Her raspy burr sounds great, and she’s fun to watch, but the real genius of the scene is what’s happening to the baby. Tucked beside her, he’s totally enthralled by the book in her hands. In the second video especially, because he’s older, you can see his eyes tracking the illustrations, widening in amazement each time that she turns the page. He’s guileless, unaware of the camera. He has eyes only for the pictures in the book.

What’s happening to that baby is both obvious and a secret marvel. A grandmother is weeping with laughter as she reads a story, and her grandson is drinking it all in – that’s obvious. The marvel is hidden inside the child’s developing brain. There, the sound of her voice, the warmth of her nearness, and, crucially, the sight of illustrations that stay still and allow him to gaze at will, all have the combined effect of engaging his deep cognitive networks.

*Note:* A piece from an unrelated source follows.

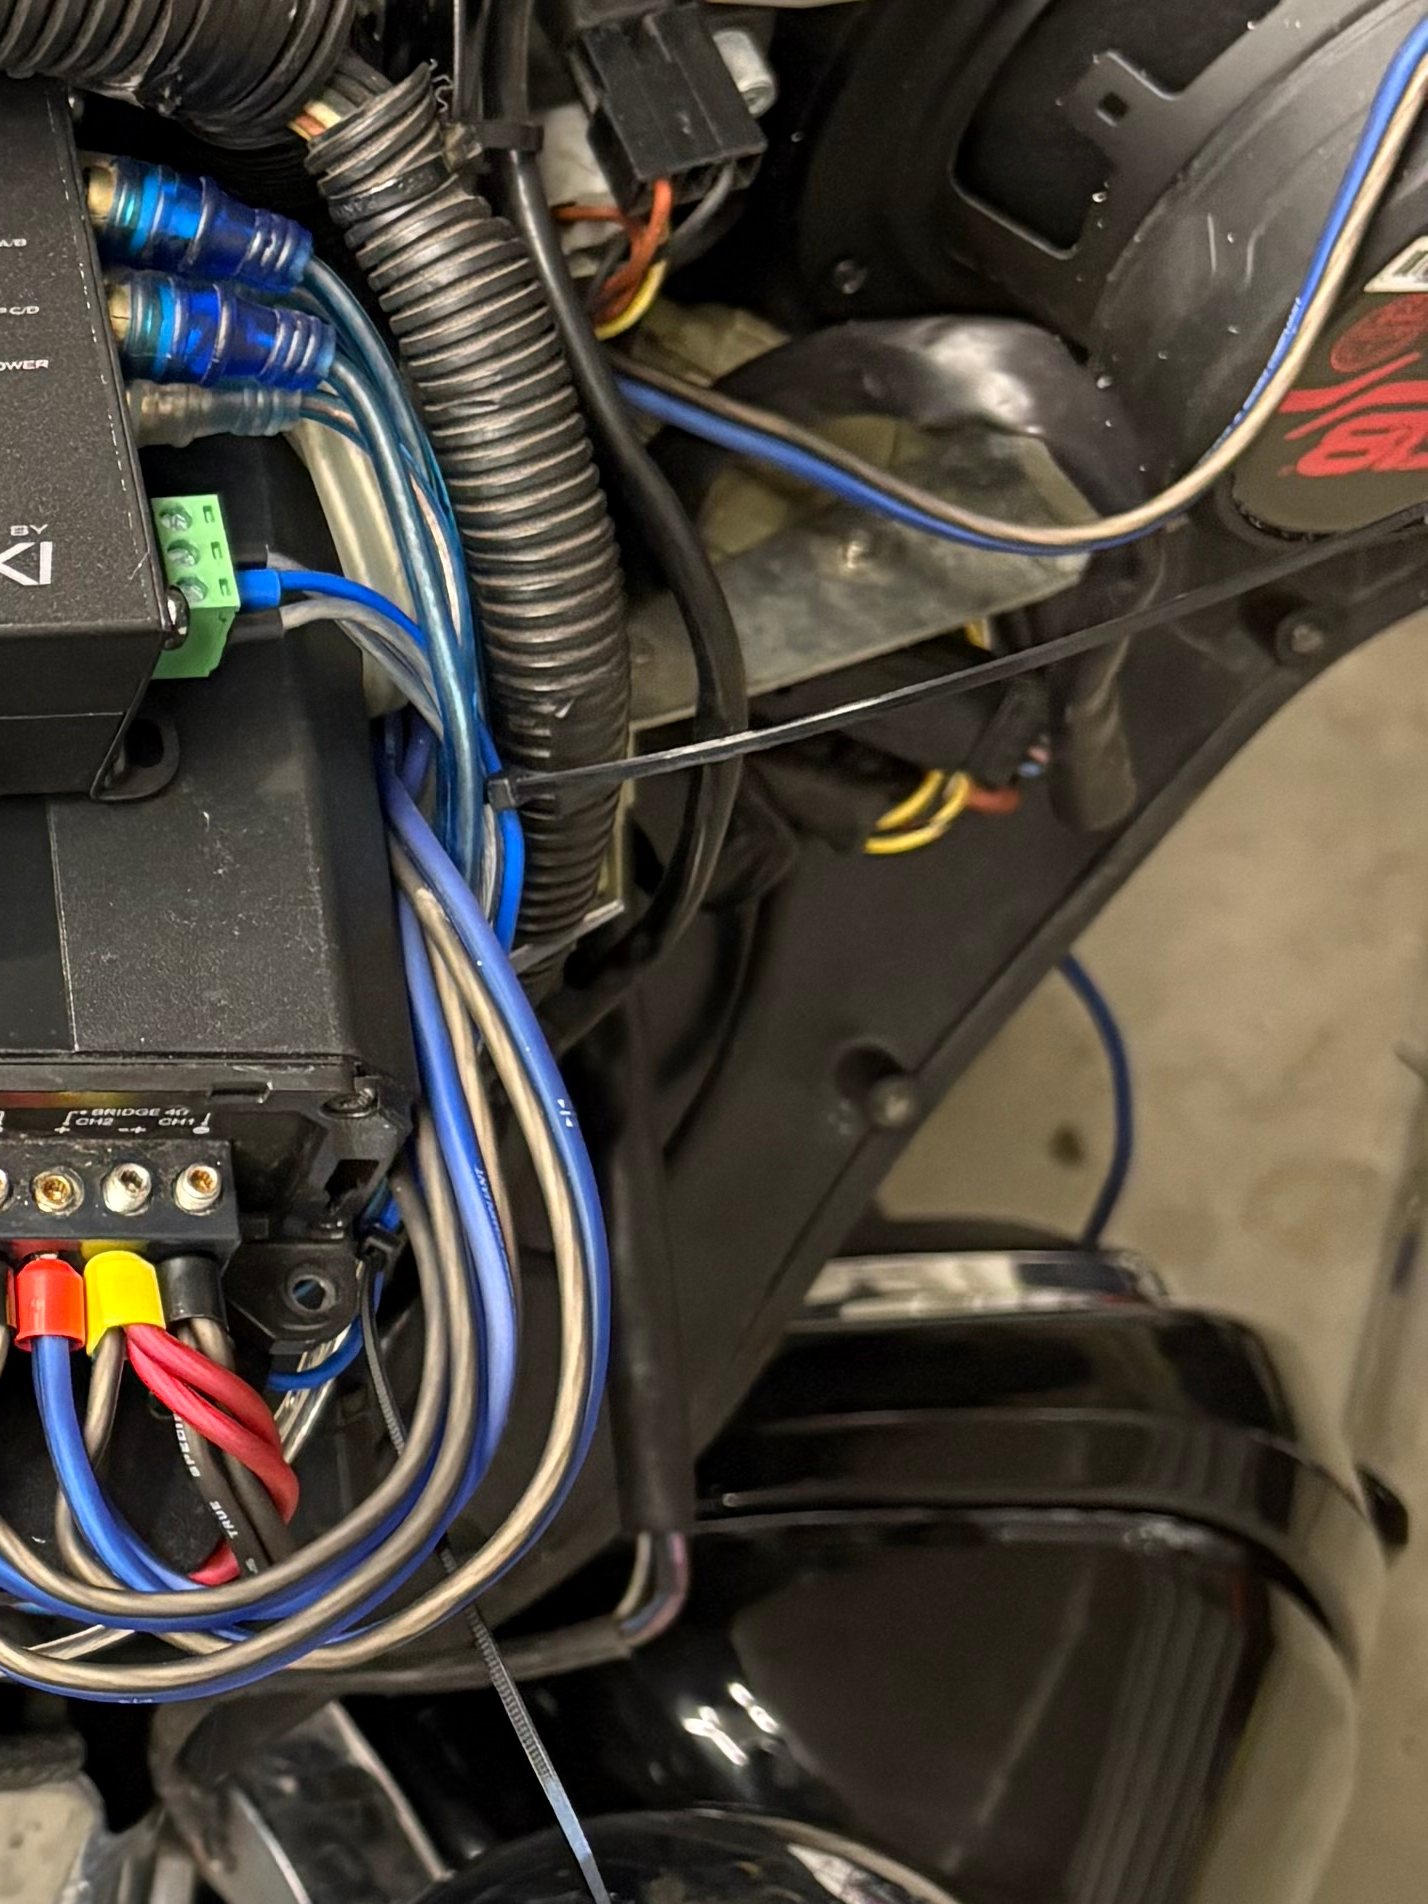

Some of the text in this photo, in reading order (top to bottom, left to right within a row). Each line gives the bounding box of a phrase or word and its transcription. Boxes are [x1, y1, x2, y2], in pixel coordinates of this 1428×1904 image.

[9, 305, 40, 316] C/D
[10, 523, 49, 537] BY
[87, 1107, 160, 1117] BRIDGE
[209, 1500, 238, 1539] TRUE

Unbeknown to him and invisible to the viewer, there is connection and synchronization among the different domains of his brain: the cerebellum, the coral-shaped place at the base of the skull that’s believed to support skill refinement; the default mode network, which is involved with internally directed processes such as introspection, creativity, and self-awareness; the visual imagery network, which involves higher-order visual and memory areas and is the brain’s means of seeing pictures in the mind’s eye; the semantic network, which is how the brain extracts the meaning of language; and the visual perception network, which supports the processing of visual stimuli.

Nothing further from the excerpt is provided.